Bab 32 - Menjaga

530 90 3
                                    

Semakin siang, Aksa merasa semakin sulit menyembunyikan identitasnya. Tubuhnya mulai pusing karena matahari bersinar terlalu terik. Ini tentu saja membuat semua orang bertanya-tanya karena Hara tidak selemah itu.

Lalu, ada tim sepakbola yang memergokinya hendak kabur dari jadwal latihan.

"Woy! Ke mana lo? Mau kabur ya?" teriak Dion, anggota tim yang berbadan paling besar.

"Eh—gue—"

Dari belakang Dion, Aksa melihat Risa berlari tergopoh-gopoh hendak menyelamatkannya. Sayang, sebelum Risa tiba, seseorang sudah memanggilnya lebih dahulu. "Hara! Kemari!" Suara bapak-bapak yang familiar.

"Om—Mr. Lee?"

Wajah Aksa pucat pasi melihat paman tirinya memanggil dari pinggir lapangan. Tamat sudah riwayatnya! Bagaimana ini bisa luput dari perhitungannya? Kalau di Litarda ada anggota keluarga besarnya dan dia adalah seorang KEPALA SEKOLAH?!

Mr. Lee membiarkan Aksa mengikuti di belakang tanpa bicara apa-apa. Sampai di depan ruang kepala sekolah dan tidak ada seorang pun di sana, barulah ia menjewer kuping Aksa dan menyeretnya masuk ke dalam.

"Adududuh! Om! Ampun!" Aksa memohon sambil menahan rasa pedas di telinga kanannya.

Mr. Lee menutup pintu, wajahnya berang bukan main. Belum pernah Aksa melihat pria itu berwajah berang. Pamannya itu biasanya tenang dan santai. Dia pasti jengkel bukan main.

"Bandel banget sih jadi anak! Ngapain kamu pakai nyamar jadi Hara segala? Untung papamu kasih kabar ke Om kalau Hara lagi sakit!"

Aksa tidak berani membuka mulut. Ia duduk di sofa, menunduk menatap ujung sepatunya sendiri. Dalam diam ia terus memutar otak. Bagaimana bisa keluar dari masalah ini?

"Om mau telepon Papa sama Mama kamu. Kasih tahu kalau kamu di sini."

"Jangan, Om! Jangan!" Aksa memohon, sengaja membuat nada suaranya terdengar panik. Ia melirik jam tangannya. "Masih ada 20 menit waktu Aksa di sini. Aksa mau puas-puasin main di Litarda. Habis itu Aksa bakal pulang dan nggak akan kembali lagi. Aksa janji."

Berhasil. Aksa berhasil meredakan amarah pamannya. Pria itu mengambil duduk di seberang Aksa, mengamati keponakannya dengan seksama. "Aksa, lihat Om dan bicara yang jujur."

Aksa perlahan mengangkat kepala, menatap ke mata lawan bicaranya. Ia menemukan segudang belas kasihan di mata pria paruh baya itu.

"Kenapa kamu sampai nekad ke sini sebagai Hara?"

Aksa mengerjap. Tatapannya berubah lirih. "Aksa ... cuma mau ngerasain sekolah lagi. Sekali ini aja kok."

"Apa kamu menyesal?"

Kepala Aksa menggeleng.

"Kamu suka di Litarda?"

Sekarang Aksa mengangguk.

Ribut-ribut dari luar ruangan menyela percakapan mereka.
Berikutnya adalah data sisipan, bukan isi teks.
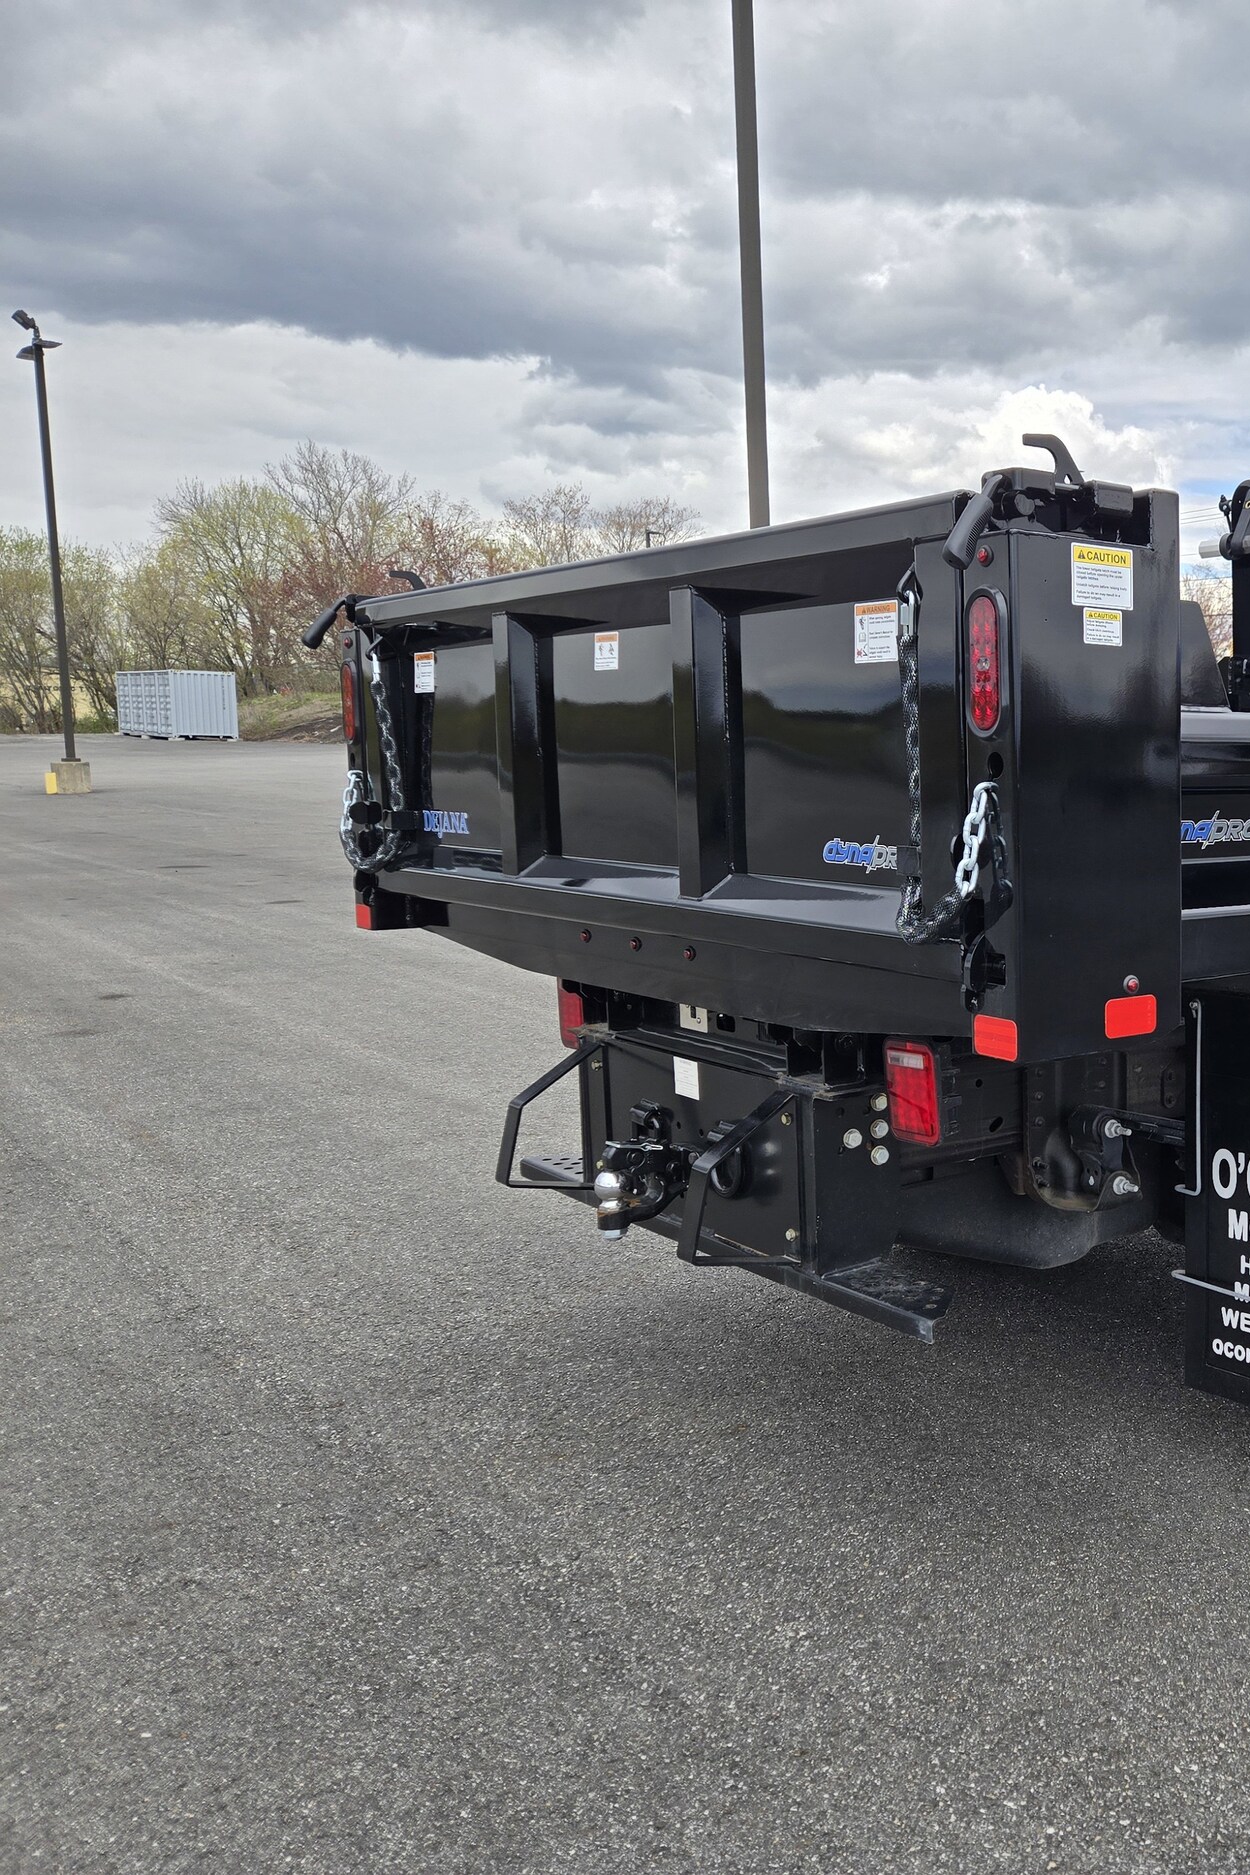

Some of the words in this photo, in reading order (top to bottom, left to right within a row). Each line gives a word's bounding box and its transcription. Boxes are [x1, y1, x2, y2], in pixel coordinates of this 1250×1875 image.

[1086, 550, 1126, 565] CAUTION
[1093, 612, 1118, 620] CAUTION
[422, 809, 470, 839] DEJANA
Mr. Lee dan Aksa mengintip dari sela-sela tirai. Aksa mencelos. Di sana ada Hara yang berjalan ke arah ruangan itu, bersiap mengamuk. Wajahnya pucat, bagian bawah matanya biru kehitaman dan bibirnya kehilangan warna. Tapi sorot matanya menyala, semarah Mr. Lee tadi saat menemukan Aksa di lapangan. Risa berlari mencoba menahannya, tapi bahkan saat kondisi sakit begini, Hara tetap masih lebih kuat.

Pintu ruangan dibanting Hara terbuka. "Aksa! Pulang sekarang!" Kalau sedang tidak serak, suara Hara pasti sudah menggelegar.

Hara sering meneriakinya, tapi tidak pernah benar-benar marah. Kali ini Hara murka. Dan Aksa baru tahu Hara sangat mengerikan kalau sedang murka. Pantas seisi sekolah takut padanya.